Thunderbirds has influenced TV, cinema and other media. The BBC sketch comedy Not Only... But Also included a segment called "Superthunderstingcar" – a parody of Thunderbirds, Supercar and Stingray. The puppet comedy of Team America: World Police lampoons the idiosyncrasies of the Thunderbirds marionettes. The series inspired the dialogue animations in the 1997 video game Star Fox 64 and the elaborate Jaeger mecha launch sequences in the 2013 film Pacific Rim. Allusion and homage are also evident in the Wallace & Gromit film A Close Shave, Austin Powers: The Spy Who Shagged Me and Spaced, as well as in the character design of Kiss the Girls and Make them Die (1966) and Star Wars: The Clone Wars.

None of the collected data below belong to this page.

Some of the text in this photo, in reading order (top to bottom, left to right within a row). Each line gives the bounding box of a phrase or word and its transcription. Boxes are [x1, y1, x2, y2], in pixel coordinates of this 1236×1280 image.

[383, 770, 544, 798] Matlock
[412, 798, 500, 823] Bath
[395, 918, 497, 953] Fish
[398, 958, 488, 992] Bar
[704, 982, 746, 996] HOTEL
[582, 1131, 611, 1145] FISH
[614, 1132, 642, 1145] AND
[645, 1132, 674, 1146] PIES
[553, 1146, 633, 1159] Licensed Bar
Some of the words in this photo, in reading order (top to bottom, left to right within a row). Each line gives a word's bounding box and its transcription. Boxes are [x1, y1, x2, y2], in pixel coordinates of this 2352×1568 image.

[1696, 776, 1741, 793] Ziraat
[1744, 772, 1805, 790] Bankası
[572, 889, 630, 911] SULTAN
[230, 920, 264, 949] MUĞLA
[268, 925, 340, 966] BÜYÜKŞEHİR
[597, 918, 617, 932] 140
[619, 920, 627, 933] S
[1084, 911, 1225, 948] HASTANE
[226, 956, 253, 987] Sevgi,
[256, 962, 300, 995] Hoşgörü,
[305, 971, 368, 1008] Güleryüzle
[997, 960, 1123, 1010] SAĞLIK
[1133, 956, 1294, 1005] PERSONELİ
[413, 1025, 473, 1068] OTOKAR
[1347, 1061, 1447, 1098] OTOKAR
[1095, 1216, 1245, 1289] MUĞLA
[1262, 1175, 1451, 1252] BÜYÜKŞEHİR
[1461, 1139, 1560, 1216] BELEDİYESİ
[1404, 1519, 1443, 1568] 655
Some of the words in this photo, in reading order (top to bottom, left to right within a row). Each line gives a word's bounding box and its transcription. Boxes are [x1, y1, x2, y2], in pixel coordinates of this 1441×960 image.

International Rescue inspired the International Rescue Corps, a volunteer search-and-rescue organisation started by a group of British firemen who contributed to the relief effort following the 1980 Irpinia earthquake. Virgin Group has used the series in the branding of its services: Virgin Atlantic flew a Boeing 747-400 called Lady Penelope, while Virgin Trains operated a fleet of Class 57 rescue locomotives named after the main characters and vehicles.

Cover versions of "The Thunderbirds March" have been released by musicians and bands including Billy Cotton, Joe Loss, Frank Sidebottom, The Rezillos and The Shadows. Songs inspired by the series include Busted's "Thunderbirds / 3AM" (which forms part of the soundtrack of the 2004 film), "International Rescue" by Fuzzbox, "Thunderbirds Are Coming Out" by TISM, and "Thunderbirds – Your Voice" by V6. The music video for the Dire Straits single "Calling Elvis", directed by Gerry Anderson, featured a collection of Thunderbirds-style puppets.

A mime theatre show, Thunderbirds: F.A.B., has toured internationally and popularised a staccato style of movement known as the "Thunderbirds walk". It has periodically been revived as Thunderbirds: F.A.B. – The Next Generation.

During the 1960s, APF produced Thunderbirds-themed TV adverts for Kellogg's breakfast cereal and Lyons Maid ice lollies. The Fab lolly, introduced in 1967, was launched to capitalise on the series' success and originally used FAB 1, Lady Penelope and Parker in its branding. In later decades, Thunderbirds has been used in advertising for Kit Kat, Swinton Insurance, Specsavers, Halifax and the Driver and Vehicle Licensing Agency.

The first annual "International Thunderbirds Day" was celebrated on 30 September 2017, the 52nd anniversary of the series' debut. To mark the event, Vue Cinemas hosted special Thunderbirds screenings in 52 locations around the UK. Additionally, the Emirates Air Line cable car featured "Thunderbirds Are Go" branding and the InterContinental London–The O2 Hotel offered a "Lady Penelope afternoon tea" in September and October.